Wednesday, June 28, 2023

The Campaign: Your Base Camp Is The Monster's Dungeon

(Following from yesterday's post.)

This Is A War Campaign

Consider what a campaign is going to entail.

Someone is going to have a big picture style perspective. They have a strategic objective. That objective is going to drive the campaign. Other parties, including adventurers, will aid, hinder, or exploit that campaign drive because doing so fits their ends.

In the typical dungeon delving game, the dungeons are sources of danger where Opposing Forces base their operations from. The dungeon is their base camp. This is in addition to any treasures--literal or otherwise (meaning lore, intelligence, or other information of value)--that may be present therein.

The campaign's base camp and the town(s) or city/cities that feeds into it are--for the monsters--the dungeons they seek to delve, raid, and conquer.

This means that any campaign involving action against a dungeon can, and often will, involve an active conflict--a military conflict--between the monsters and the men.

The Roles Of Factions

This also opens up possibilities for fantastic wargame play, and all the Referee needs to do is to recruit one or more players to run the monsters affected by the adventuring company campaigning against the dungeon.

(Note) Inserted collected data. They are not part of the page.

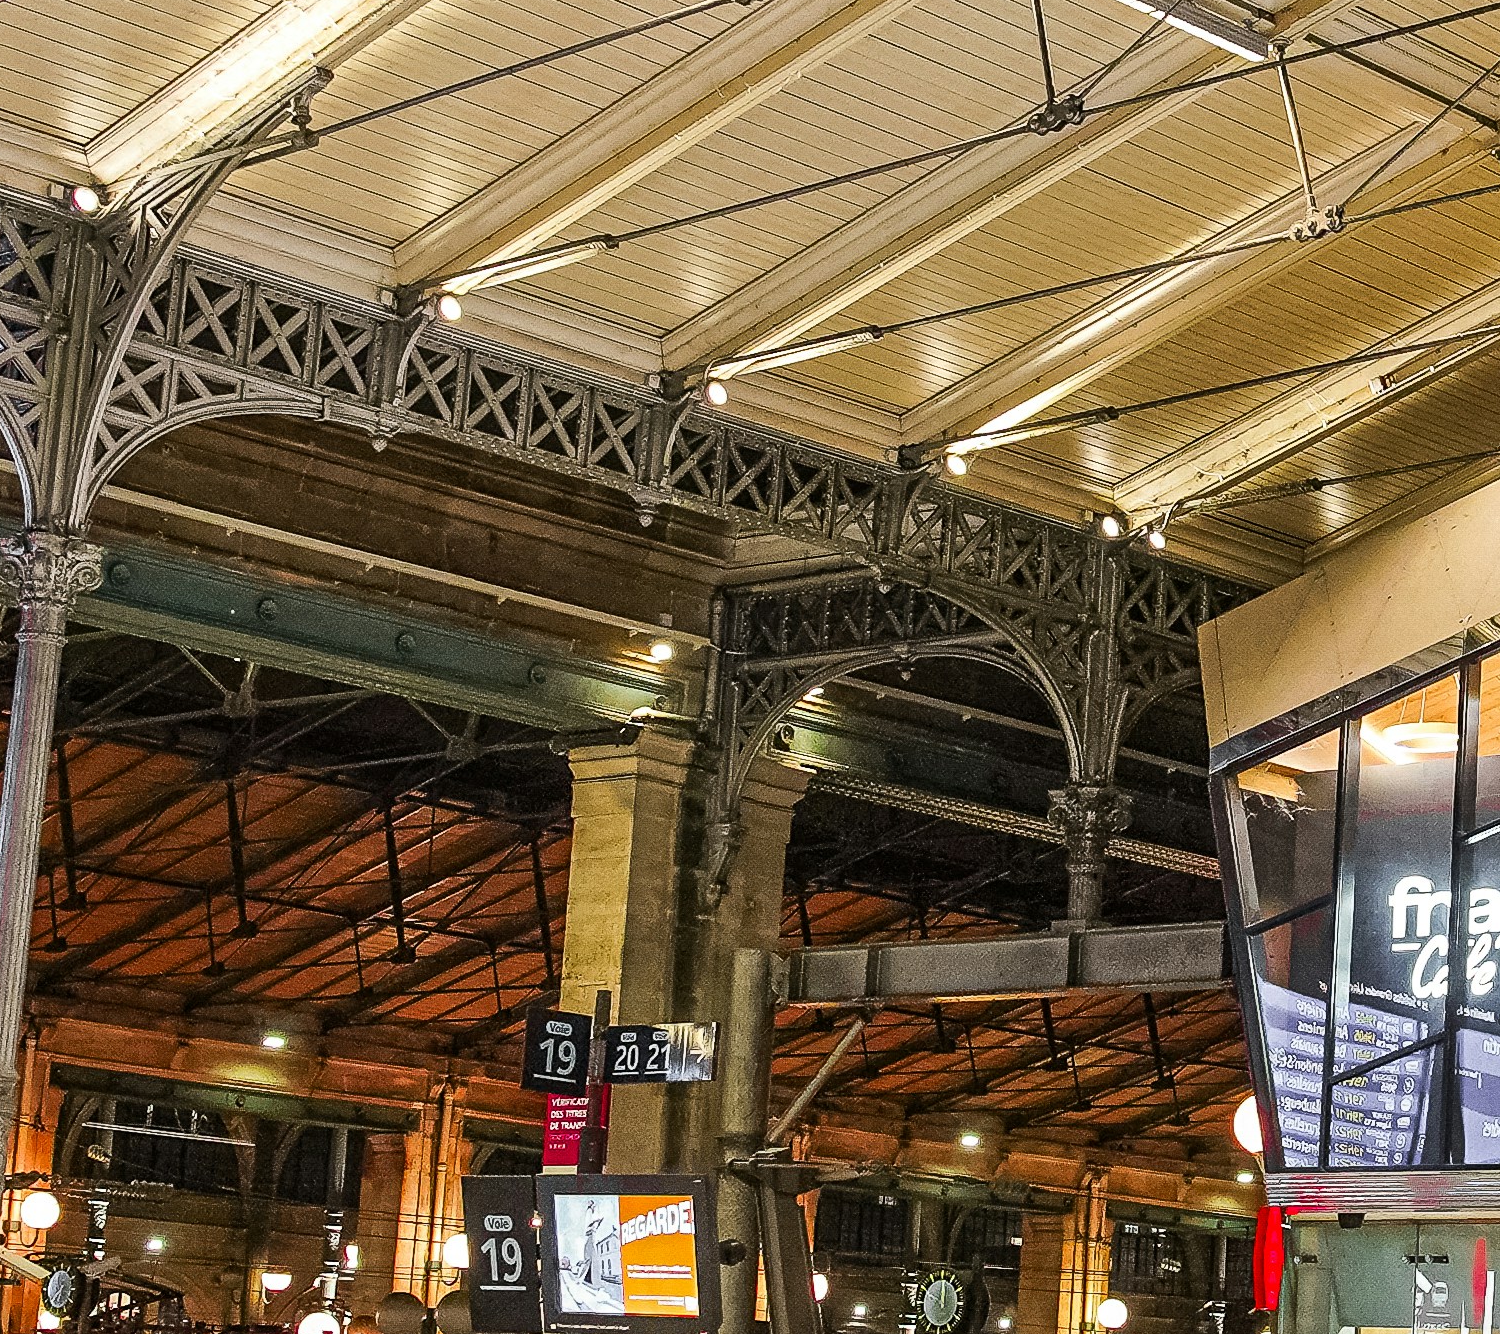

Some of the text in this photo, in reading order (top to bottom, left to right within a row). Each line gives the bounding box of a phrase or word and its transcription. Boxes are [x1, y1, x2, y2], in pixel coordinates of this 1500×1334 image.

[549, 1023, 570, 1034] Voie
[539, 1038, 576, 1075] 19
[614, 1043, 671, 1071] 20 21
[488, 1217, 510, 1229] Voie
[621, 1200, 695, 1246] REGARDE
[480, 1237, 522, 1283] 19

In addition to the dungeon's denizens, there are also any significant settlements of monsters or men in the surrounding wilderness. Hand these off to other players also, and now you don't have Me And The Boys visiting DungeonTown for a fun time. Now it's the Roman campaign of vengeance against Vercigeterix in the wake of Teutonberg, which was a massive multi-year campaign that butchered some hostile tribes, cowed others, and destroyed the German threat against Rome by breaking apart the coalition formed against it.

And those hostile monsters? Some of them are organized (more or less) to actively oppose the campaigners, and they seek out necessary support to seek out the campaign's base camp--or even its place of origin if it's close enough--and do unto it what the dungeon sorties do to the dungeon and its denizens.

That's right, now you have a proper war campaign.

Ambitious adventurers, seeking gold and glory, can and will take advantage of this chaotic environment to pursue their own interests. Maybe they build a power base among the monsters, maybe they bring the monsters outside to heel and turn them against the dungeon's denizens, or maybe they play all sides against each other so that they come out on top and take over from the weakened survivor(s).

Now Scale This Up

If you can do this from the get-go (and you can), this is going to be part-and-parcel to high-level campaign play. The general in the field may be at odds with the sovereign back on the throne, or certain merchant lords want to keep a profitable trade to themselves so they cultivate monster tribes to be cutouts acting on the merchants' behalf, or a cult deals in trafficking of all sorts to satisfy ritual requirements so they keep a foot on both sides and thus need to manipulate conflicts to keep the sacrifices flowing while the attention drawn pointed elsewhere.

All of that, by the way, has real world examples as well as literary ones; hit the books.

Danger And Opportunity

This can be a pre-existing situation, which is the case for every character that comes into a campaign region that was not there at its launch. Therefore ambitious and enterprising adventurers at all levels can decide to intervene in order to wring out some benefit or reward should they succeed in their aims, be it as simple as getting paid in a fat sack of cash for services rendered to earning a boon from a major figure in return for rendering distinguished services that won the campaign for that figure- and then calling it in down the line.

As there are going to be multiple such figures dominating the situation in any given region, as well as in the overall milieu, there are going to be multiple dangers in attempting to earn boons from them and massive gains to be had by taking that risk and succeeding. Naysayers reveal by their objections that they either do not get this, or find it aborrent to leave this up for player-on-player interactions to decide.

This is part of learning how to win at RPGs.